* [GOAL OF THE EXERCISE]: Ignoring every picture, transcribe the data in full as it stands.

* [GIVEN RECORDS]:
□ □ □

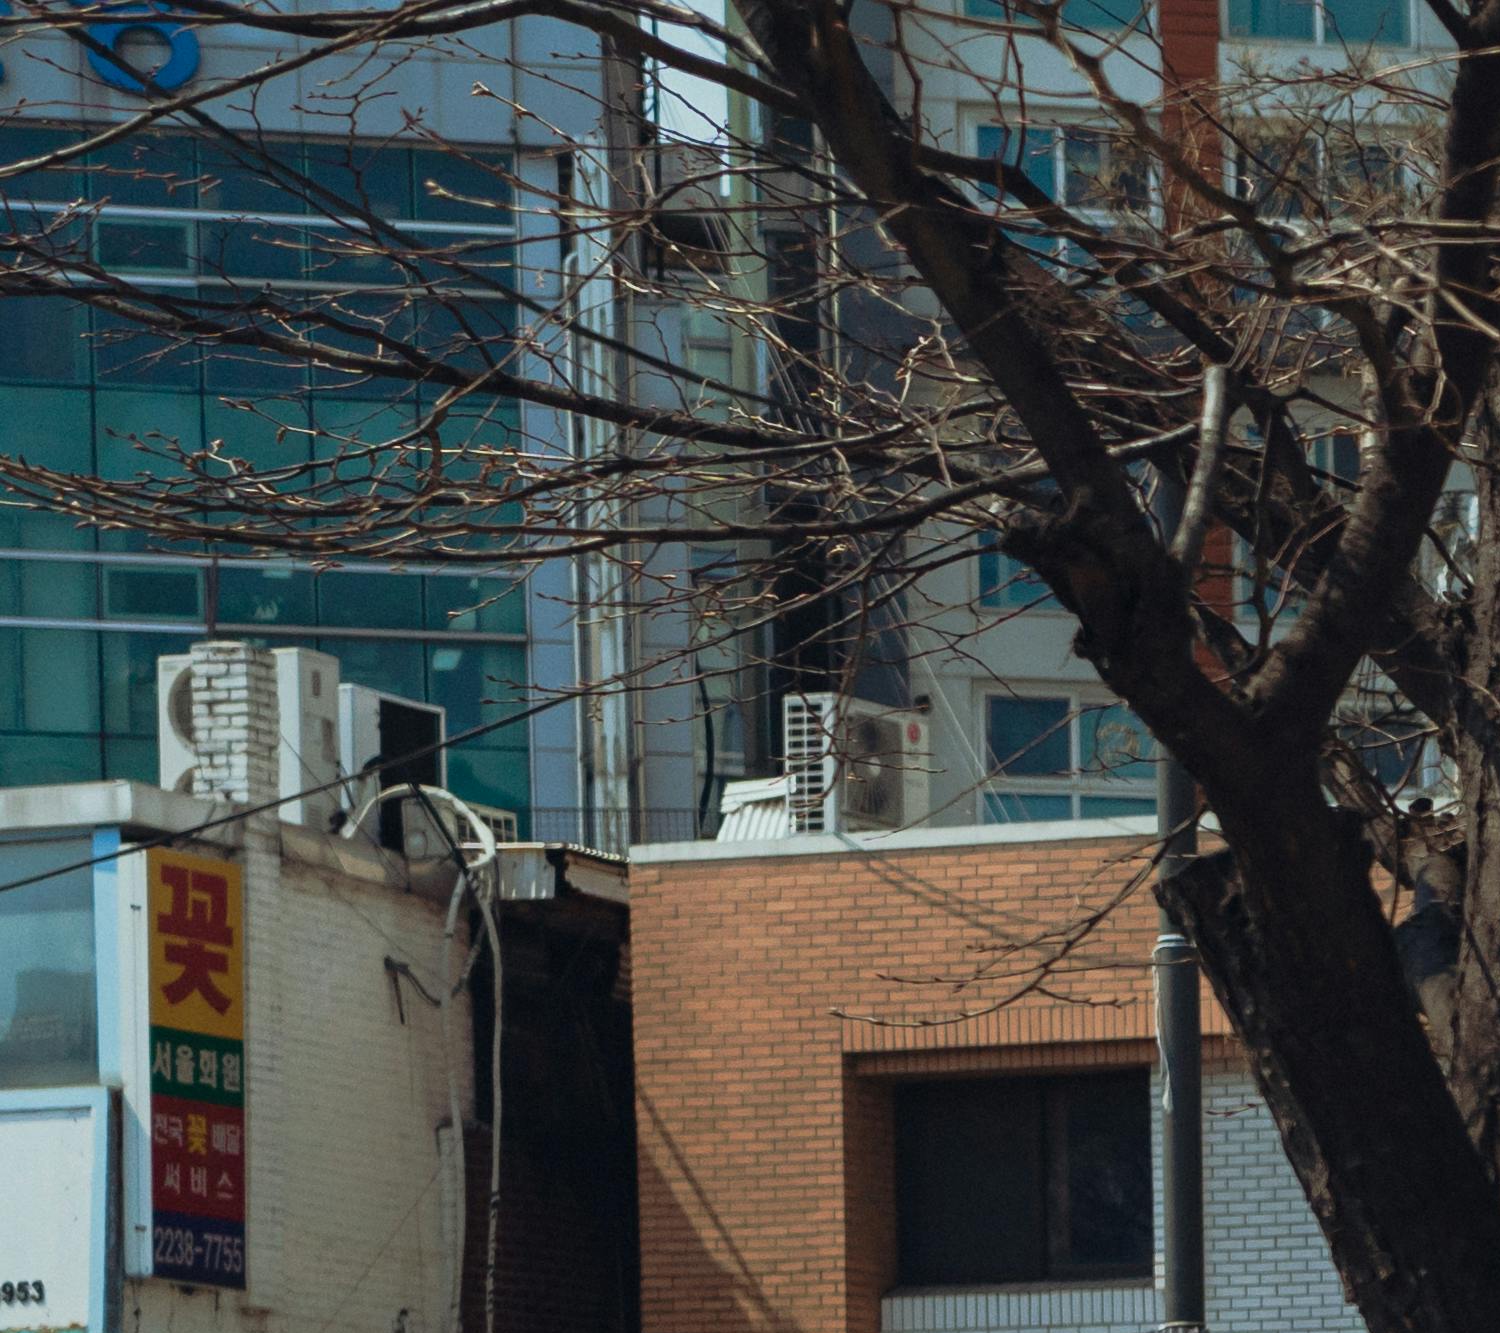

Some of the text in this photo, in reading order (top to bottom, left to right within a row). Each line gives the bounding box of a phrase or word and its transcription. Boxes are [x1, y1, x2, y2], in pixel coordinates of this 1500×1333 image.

[157, 866, 234, 1017] 꽃
[153, 1042, 241, 1093] 서울화원
[154, 1114, 184, 1145] 전국
[187, 1114, 207, 1155] 꽃
[164, 1164, 234, 1199] 써비스
[154, 1226, 242, 1275] 2238-7755

□ □ □

* [SOLUTION]:
Some of the text in this photo, in reading order (top to bottom, left to right within a row). Each line gives the bounding box of a phrase or word and its transcription. Boxes are [x1, y1, x2, y2], in pixel coordinates of this 1500×1333 image.

[157, 866, 234, 1017] 꽃
[153, 1042, 241, 1093] 서울화원
[154, 1114, 184, 1145] 전국
[187, 1114, 207, 1155] 꽃
[164, 1164, 234, 1199] 써비스
[154, 1226, 242, 1275] 2238-7755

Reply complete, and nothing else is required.